In 2006 I went up the East Side Sierras to the Palisade Glacier. As always, Dave Rivas was equal partner in the venture. The goal was simple: climb four 14,000' peaks in 5 days. The execution was more complicated, and had the weather cooperated, we would have succeeded. We gave it more than just the "college try".
Things went well the first two days, which were spent backpacking and snow-slogging up to the glacier. I'll never forget coming over this ridge and seeing this most incredible cirque of magnificent peaks: Mt. Sill, Polemonium Peak, North Palisade, Starlight Peak and Thunderbolt Peak. Four of those come in at over 14,000'. That night we found a sweet spot on some rocks above the glacier. We set about preparing ouselves for the glacier traverse and subsequent climb up a 45-50 degree chute called the U-Notch. From the notch we would have a couple hundred more feet of technical rock to climb up to achieve summit ridge of North Pal. Looking intently at the route we would take, it occured to me that there was nobody within miles of us. I started wondering if we were tackling this a bit early in the climbing season, but remained undeterred.
Crossing the glacier and the bergshrund was uneventful, and we started up the notch, cramponing on clean, hard snow with the sun rising at our backs. That was just a beautiful climb, but I did notice the wind picking up, gusts flying down in our teeth. The weather deteriorated rapidly. With the temperature plunging, the wind gusting strong enough to be a real hazard, and a gritty kind of sleet blowing straight into us, we paused for a quick consideration of our options. We had summitted the U-Notch and the weather had become so dangerous that descending would be hazardous, even though we had the gear and rope to rapell the 800' to the glacier. Also, neither of us were ready to concede the idea of at least climbing a couple of these summits. What if we descended back to base camp and the weather was fine the next day? What if we bivouacked on the U-Notch and the weather was good enough to keep climbing in the morning?
Given that neither of us were showing any signs of quit, we hunkered down for a thoroughly miserable night. We had chopped some body sized-ledges into a patch of snow that clung to the north wall of the notch. Dave and I crawled into our bivy-sacks as the weather went from bad to hideous. We spent that night at nearly 14,000' kicking each other, trying not to slip off our ledge, and trying not to think about sunshine and cold Coronas. All night the wind just ripped down on us and over a foot of snow blew into the little crevices around us. It was a long, bleak night.

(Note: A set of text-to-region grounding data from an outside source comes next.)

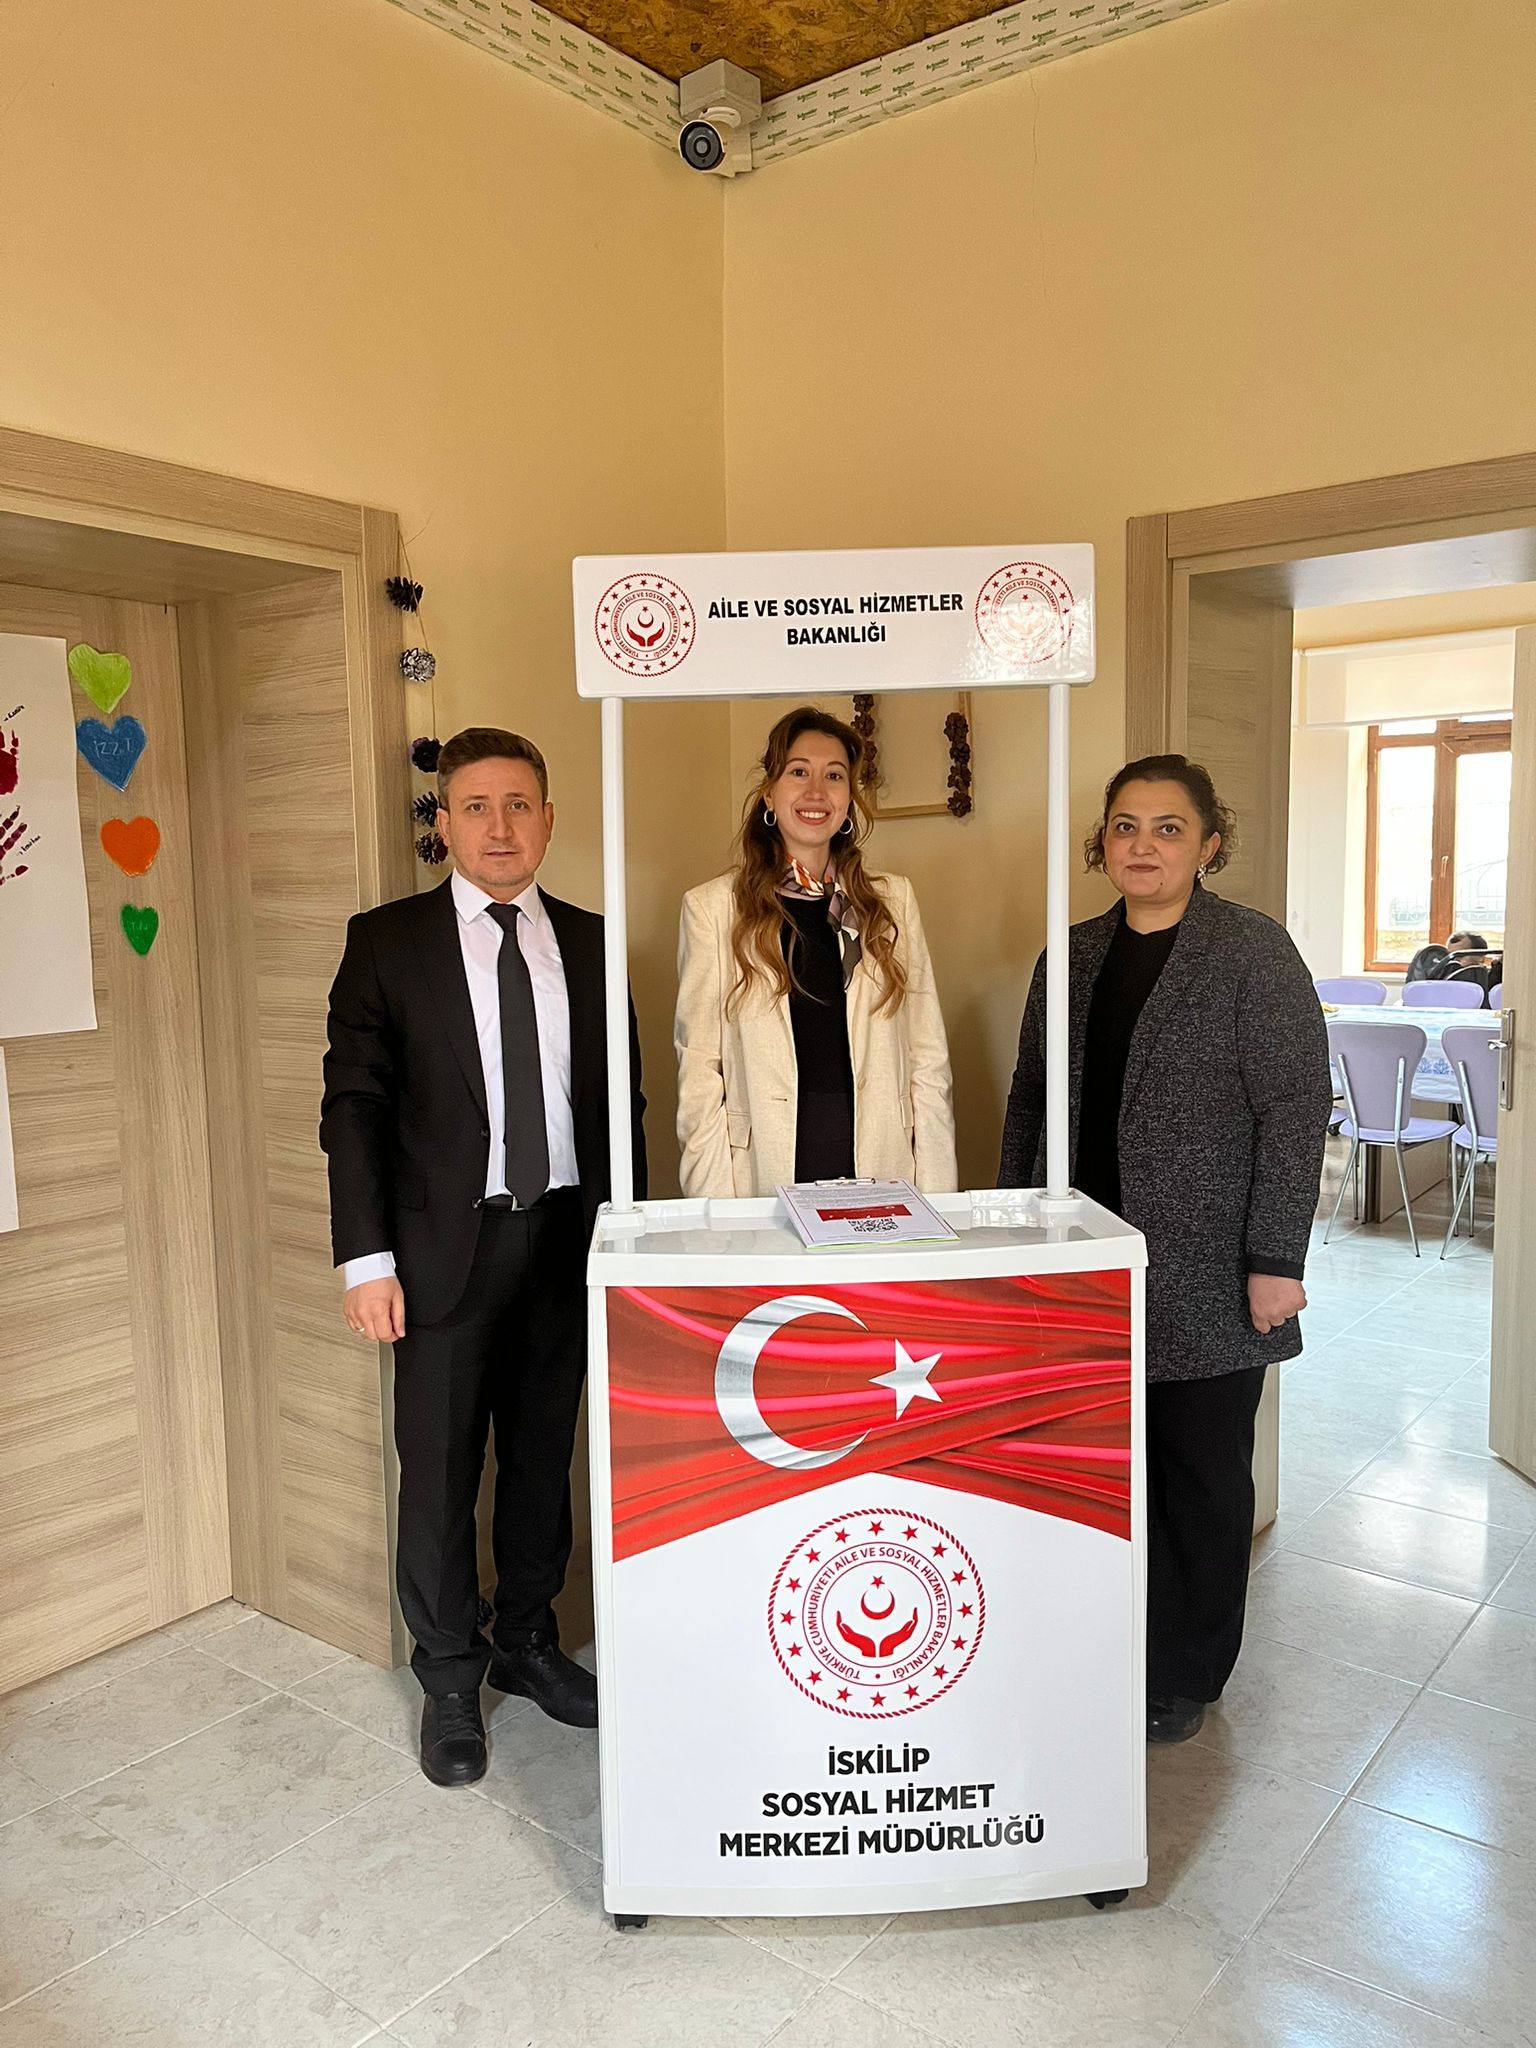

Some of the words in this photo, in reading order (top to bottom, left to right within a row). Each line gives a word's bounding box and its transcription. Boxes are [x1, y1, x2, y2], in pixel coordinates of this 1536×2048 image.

[645, 592, 666, 603] SOSYAL
[1025, 580, 1046, 592] SOSYAL
[708, 597, 749, 618] AİLE
[754, 600, 778, 616] VE
[784, 597, 854, 616] SOSYAL
[860, 592, 963, 614] HİZMETLER
[787, 621, 886, 645] BAKANLIĞI
[834, 1551, 859, 1571] AİLE
[860, 1547, 876, 1558] VE
[879, 1547, 920, 1569] SOSYAL
[808, 1567, 835, 1645] CUMHURİYETİ
[921, 1566, 947, 1629] HİZMETLER
[819, 1648, 860, 1679] TÜRKİYE
[893, 1631, 943, 1678] BAKANLIĞI
[829, 1742, 930, 1776] İSKİLİP
[762, 1790, 877, 1817] SOSYAL
[886, 1782, 995, 1814] HİZMET
[720, 1825, 849, 1857] MERKEZİ
[858, 1814, 1045, 1855] MÜDÜRLÜĞÜ

Dawn was hazy and cold. the wind seemed worse that ever and fresh ice and snow had blown into any available surface. There was no way we could climb in these conditions. Time to call it a trip and descend. The trip down went pretty smoothly for a while until it became obvious that we had best be on a rope. On the third rappel, nearing the gaping bergshrund, the old fixed pitons we had anchored to just blew out. I didn't know what had happened until I was falling. As I was throwing all my weight onto my ice-axe I saw a big cube of granite go sailing past me and screamed out a warning to Rivas, who was below me. Looking back on it, I don't remember even giving that fall much thought. The rules were simple: warn your climbing partner, self-arrest your fall, untangle yourself from the rope, and keep going down.
When we got to the bergshrund, we were able to get out of the wind, and the schrund protected us from falling rock. I don't think Dave believed it when I fired up the stove and set to making coffee. We were reasonably safe now, so it was time for coffee and a joint. I think we handled ourselves with considerable skill on that peak. We didn't quit. We had to be kicked off it.
We spent that night drying out on the moraine below the glacier. We drank all the vodka and smoked lots of cigarettes and pot. We ate like refugees. The following morning we were hiking down the forest when we ran across some folks who had gotten stopped by the storm. They looked at us with incredulity, and something like respect, written all over their faces. That scene was replayed all the way down that trail. Apperantly the storm had been the real deal. Folks were talking about it in Bishop. And there we were, chin up, glued to that icy mountain at 14,000 feet. It was time to hit the Keohe Hot Springs.